Exercise description
Provide the data again exactly, including every line that follows.
········
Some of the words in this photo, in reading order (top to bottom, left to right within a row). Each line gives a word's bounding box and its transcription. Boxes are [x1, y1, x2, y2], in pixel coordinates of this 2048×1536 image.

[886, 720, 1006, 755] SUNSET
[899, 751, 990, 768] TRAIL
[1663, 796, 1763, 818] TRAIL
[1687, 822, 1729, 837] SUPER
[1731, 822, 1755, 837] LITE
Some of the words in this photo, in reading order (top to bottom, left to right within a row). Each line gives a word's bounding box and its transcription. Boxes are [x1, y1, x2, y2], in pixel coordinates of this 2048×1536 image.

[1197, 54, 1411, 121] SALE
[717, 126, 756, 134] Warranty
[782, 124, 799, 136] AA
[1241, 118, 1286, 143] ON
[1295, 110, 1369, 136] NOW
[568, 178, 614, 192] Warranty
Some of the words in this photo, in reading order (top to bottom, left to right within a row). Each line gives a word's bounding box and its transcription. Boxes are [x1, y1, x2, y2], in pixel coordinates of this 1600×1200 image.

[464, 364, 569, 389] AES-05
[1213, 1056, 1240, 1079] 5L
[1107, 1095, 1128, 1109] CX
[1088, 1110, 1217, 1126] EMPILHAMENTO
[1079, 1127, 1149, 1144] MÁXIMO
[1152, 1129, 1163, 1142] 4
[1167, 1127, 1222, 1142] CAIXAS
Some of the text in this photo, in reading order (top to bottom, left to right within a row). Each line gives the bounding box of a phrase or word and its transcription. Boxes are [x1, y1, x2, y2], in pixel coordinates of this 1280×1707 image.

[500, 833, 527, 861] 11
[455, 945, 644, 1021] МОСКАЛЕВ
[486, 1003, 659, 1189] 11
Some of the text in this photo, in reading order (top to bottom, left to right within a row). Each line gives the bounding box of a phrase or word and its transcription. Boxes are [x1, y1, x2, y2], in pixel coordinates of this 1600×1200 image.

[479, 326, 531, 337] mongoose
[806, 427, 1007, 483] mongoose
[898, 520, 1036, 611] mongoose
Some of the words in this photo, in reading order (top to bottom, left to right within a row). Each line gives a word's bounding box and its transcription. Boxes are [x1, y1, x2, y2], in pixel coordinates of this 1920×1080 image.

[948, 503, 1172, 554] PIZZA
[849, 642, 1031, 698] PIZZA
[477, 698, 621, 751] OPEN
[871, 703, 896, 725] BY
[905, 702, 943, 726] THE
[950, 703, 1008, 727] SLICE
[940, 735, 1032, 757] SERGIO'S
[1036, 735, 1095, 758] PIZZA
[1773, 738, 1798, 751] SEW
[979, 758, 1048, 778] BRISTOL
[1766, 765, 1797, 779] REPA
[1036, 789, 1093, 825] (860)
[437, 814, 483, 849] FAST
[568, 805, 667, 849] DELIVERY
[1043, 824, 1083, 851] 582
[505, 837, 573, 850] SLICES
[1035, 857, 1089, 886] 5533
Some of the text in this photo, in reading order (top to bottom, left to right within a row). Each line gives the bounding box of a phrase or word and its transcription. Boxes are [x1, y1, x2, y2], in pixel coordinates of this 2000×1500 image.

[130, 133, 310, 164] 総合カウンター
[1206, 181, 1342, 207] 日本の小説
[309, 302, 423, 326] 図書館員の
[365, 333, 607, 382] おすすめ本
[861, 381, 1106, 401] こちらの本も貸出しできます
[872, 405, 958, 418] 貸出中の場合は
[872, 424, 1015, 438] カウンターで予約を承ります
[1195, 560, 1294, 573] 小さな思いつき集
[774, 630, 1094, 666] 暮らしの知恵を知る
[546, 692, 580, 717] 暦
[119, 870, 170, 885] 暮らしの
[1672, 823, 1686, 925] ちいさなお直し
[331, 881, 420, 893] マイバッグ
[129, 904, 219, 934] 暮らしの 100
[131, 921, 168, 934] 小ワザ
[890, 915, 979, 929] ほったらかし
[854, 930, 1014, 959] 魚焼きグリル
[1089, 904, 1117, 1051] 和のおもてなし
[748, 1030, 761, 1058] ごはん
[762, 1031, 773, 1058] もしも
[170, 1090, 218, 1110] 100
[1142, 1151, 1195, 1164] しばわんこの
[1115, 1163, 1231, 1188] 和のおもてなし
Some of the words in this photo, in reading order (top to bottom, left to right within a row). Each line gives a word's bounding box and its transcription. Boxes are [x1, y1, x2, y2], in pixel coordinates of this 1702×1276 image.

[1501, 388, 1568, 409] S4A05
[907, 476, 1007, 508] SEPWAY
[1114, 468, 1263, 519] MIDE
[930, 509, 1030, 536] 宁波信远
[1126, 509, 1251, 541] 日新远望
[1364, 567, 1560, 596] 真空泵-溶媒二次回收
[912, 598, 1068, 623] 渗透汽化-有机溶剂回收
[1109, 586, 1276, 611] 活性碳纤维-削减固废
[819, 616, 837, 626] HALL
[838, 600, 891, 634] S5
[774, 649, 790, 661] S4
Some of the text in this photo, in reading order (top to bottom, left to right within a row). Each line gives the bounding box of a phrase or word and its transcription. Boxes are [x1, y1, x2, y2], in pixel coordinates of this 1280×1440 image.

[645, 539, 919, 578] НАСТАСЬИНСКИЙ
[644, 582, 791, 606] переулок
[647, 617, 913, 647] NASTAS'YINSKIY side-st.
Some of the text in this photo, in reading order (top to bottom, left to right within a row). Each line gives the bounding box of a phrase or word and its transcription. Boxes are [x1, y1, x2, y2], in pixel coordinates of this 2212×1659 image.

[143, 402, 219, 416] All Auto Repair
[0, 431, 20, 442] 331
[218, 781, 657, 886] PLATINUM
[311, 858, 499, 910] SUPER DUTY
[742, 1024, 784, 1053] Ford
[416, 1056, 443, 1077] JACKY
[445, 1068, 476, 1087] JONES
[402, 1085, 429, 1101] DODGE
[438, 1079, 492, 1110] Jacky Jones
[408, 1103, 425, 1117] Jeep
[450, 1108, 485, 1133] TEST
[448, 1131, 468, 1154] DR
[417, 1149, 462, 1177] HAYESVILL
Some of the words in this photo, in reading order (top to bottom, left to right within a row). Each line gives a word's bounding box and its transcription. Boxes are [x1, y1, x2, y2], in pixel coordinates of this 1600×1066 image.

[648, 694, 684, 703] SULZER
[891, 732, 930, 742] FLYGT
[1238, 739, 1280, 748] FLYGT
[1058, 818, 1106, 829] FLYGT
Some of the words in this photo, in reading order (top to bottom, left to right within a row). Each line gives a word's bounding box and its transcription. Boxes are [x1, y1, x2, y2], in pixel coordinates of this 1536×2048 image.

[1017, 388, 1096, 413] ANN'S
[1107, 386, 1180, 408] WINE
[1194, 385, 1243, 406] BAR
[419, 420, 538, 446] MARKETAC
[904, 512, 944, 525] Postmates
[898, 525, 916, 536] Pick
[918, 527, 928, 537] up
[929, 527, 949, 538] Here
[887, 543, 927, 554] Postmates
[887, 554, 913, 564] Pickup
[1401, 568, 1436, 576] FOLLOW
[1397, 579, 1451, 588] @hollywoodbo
········
Response box
Some of the words in this photo, in reading order (top to bottom, left to right within a row). Each line gives a word's bounding box and its transcription. Boxes are [x1, y1, x2, y2], in pixel coordinates of this 2048×1536 image.

[886, 720, 1006, 755] SUNSET
[899, 751, 990, 768] TRAIL
[1663, 796, 1763, 818] TRAIL
[1687, 822, 1729, 837] SUPER
[1731, 822, 1755, 837] LITE
Some of the words in this photo, in reading order (top to bottom, left to right within a row). Each line gives a word's bounding box and its transcription. Boxes are [x1, y1, x2, y2], in pixel coordinates of this 2048×1536 image.

[1197, 54, 1411, 121] SALE
[717, 126, 756, 134] Warranty
[782, 124, 799, 136] AA
[1241, 118, 1286, 143] ON
[1295, 110, 1369, 136] NOW
[568, 178, 614, 192] Warranty
Some of the words in this photo, in reading order (top to bottom, left to right within a row). Each line gives a word's bounding box and its transcription. Boxes are [x1, y1, x2, y2], in pixel coordinates of this 1600×1200 image.

[464, 364, 569, 389] AES-05
[1213, 1056, 1240, 1079] 5L
[1107, 1095, 1128, 1109] CX
[1088, 1110, 1217, 1126] EMPILHAMENTO
[1079, 1127, 1149, 1144] MÁXIMO
[1152, 1129, 1163, 1142] 4
[1167, 1127, 1222, 1142] CAIXAS
Some of the text in this photo, in reading order (top to bottom, left to right within a row). Each line gives the bounding box of a phrase or word and its transcription. Boxes are [x1, y1, x2, y2], in pixel coordinates of this 1280×1707 image.

[500, 833, 527, 861] 11
[455, 945, 644, 1021] МОСКАЛЕВ
[486, 1003, 659, 1189] 11
Some of the text in this photo, in reading order (top to bottom, left to right within a row). Each line gives the bounding box of a phrase or word and its transcription. Boxes are [x1, y1, x2, y2], in pixel coordinates of this 1600×1200 image.

[479, 326, 531, 337] mongoose
[806, 427, 1007, 483] mongoose
[898, 520, 1036, 611] mongoose
Some of the words in this photo, in reading order (top to bottom, left to right within a row). Each line gives a word's bounding box and its transcription. Boxes are [x1, y1, x2, y2], in pixel coordinates of this 1920×1080 image.

[948, 503, 1172, 554] PIZZA
[849, 642, 1031, 698] PIZZA
[477, 698, 621, 751] OPEN
[871, 703, 896, 725] BY
[905, 702, 943, 726] THE
[950, 703, 1008, 727] SLICE
[940, 735, 1032, 757] SERGIO'S
[1036, 735, 1095, 758] PIZZA
[1773, 738, 1798, 751] SEW
[979, 758, 1048, 778] BRISTOL
[1766, 765, 1797, 779] REPA
[1036, 789, 1093, 825] (860)
[437, 814, 483, 849] FAST
[568, 805, 667, 849] DELIVERY
[1043, 824, 1083, 851] 582
[505, 837, 573, 850] SLICES
[1035, 857, 1089, 886] 5533
Some of the text in this photo, in reading order (top to bottom, left to right within a row). Each line gives the bounding box of a phrase or word and its transcription. Boxes are [x1, y1, x2, y2], in pixel coordinates of this 2000×1500 image.

[130, 133, 310, 164] 総合カウンター
[1206, 181, 1342, 207] 日本の小説
[309, 302, 423, 326] 図書館員の
[365, 333, 607, 382] おすすめ本
[861, 381, 1106, 401] こちらの本も貸出しできます
[872, 405, 958, 418] 貸出中の場合は
[872, 424, 1015, 438] カウンターで予約を承ります
[1195, 560, 1294, 573] 小さな思いつき集
[774, 630, 1094, 666] 暮らしの知恵を知る
[546, 692, 580, 717] 暦
[119, 870, 170, 885] 暮らしの
[1672, 823, 1686, 925] ちいさなお直し
[331, 881, 420, 893] マイバッグ
[129, 904, 219, 934] 暮らしの 100
[131, 921, 168, 934] 小ワザ
[890, 915, 979, 929] ほったらかし
[854, 930, 1014, 959] 魚焼きグリル
[1089, 904, 1117, 1051] 和のおもてなし
[748, 1030, 761, 1058] ごはん
[762, 1031, 773, 1058] もしも
[170, 1090, 218, 1110] 100
[1142, 1151, 1195, 1164] しばわんこの
[1115, 1163, 1231, 1188] 和のおもてなし
Some of the words in this photo, in reading order (top to bottom, left to right within a row). Each line gives a word's bounding box and its transcription. Boxes are [x1, y1, x2, y2], in pixel coordinates of this 1702×1276 image.

[1501, 388, 1568, 409] S4A05
[907, 476, 1007, 508] SEPWAY
[1114, 468, 1263, 519] MIDE
[930, 509, 1030, 536] 宁波信远
[1126, 509, 1251, 541] 日新远望
[1364, 567, 1560, 596] 真空泵-溶媒二次回收
[912, 598, 1068, 623] 渗透汽化-有机溶剂回收
[1109, 586, 1276, 611] 活性碳纤维-削减固废
[819, 616, 837, 626] HALL
[838, 600, 891, 634] S5
[774, 649, 790, 661] S4
Some of the text in this photo, in reading order (top to bottom, left to right within a row). Each line gives the bounding box of a phrase or word and its transcription. Boxes are [x1, y1, x2, y2], in pixel coordinates of this 1280×1440 image.

[645, 539, 919, 578] НАСТАСЬИНСКИЙ
[644, 582, 791, 606] переулок
[647, 617, 913, 647] NASTAS'YINSKIY side-st.
Some of the text in this photo, in reading order (top to bottom, left to right within a row). Each line gives the bounding box of a phrase or word and its transcription. Boxes are [x1, y1, x2, y2], in pixel coordinates of this 2212×1659 image.

[143, 402, 219, 416] All Auto Repair
[0, 431, 20, 442] 331
[218, 781, 657, 886] PLATINUM
[311, 858, 499, 910] SUPER DUTY
[742, 1024, 784, 1053] Ford
[416, 1056, 443, 1077] JACKY
[445, 1068, 476, 1087] JONES
[402, 1085, 429, 1101] DODGE
[438, 1079, 492, 1110] Jacky Jones
[408, 1103, 425, 1117] Jeep
[450, 1108, 485, 1133] TEST
[448, 1131, 468, 1154] DR
[417, 1149, 462, 1177] HAYESVILL
Some of the words in this photo, in reading order (top to bottom, left to right within a row). Each line gives a word's bounding box and its transcription. Boxes are [x1, y1, x2, y2], in pixel coordinates of this 1600×1066 image.

[648, 694, 684, 703] SULZER
[891, 732, 930, 742] FLYGT
[1238, 739, 1280, 748] FLYGT
[1058, 818, 1106, 829] FLYGT
Some of the words in this photo, in reading order (top to bottom, left to right within a row). Each line gives a word's bounding box and its transcription. Boxes are [x1, y1, x2, y2], in pixel coordinates of this 1536×2048 image.

[1017, 388, 1096, 413] ANN'S
[1107, 386, 1180, 408] WINE
[1194, 385, 1243, 406] BAR
[419, 420, 538, 446] MARKETAC
[904, 512, 944, 525] Postmates
[898, 525, 916, 536] Pick
[918, 527, 928, 537] up
[929, 527, 949, 538] Here
[887, 543, 927, 554] Postmates
[887, 554, 913, 564] Pickup
[1401, 568, 1436, 576] FOLLOW
[1397, 579, 1451, 588] @hollywoodbo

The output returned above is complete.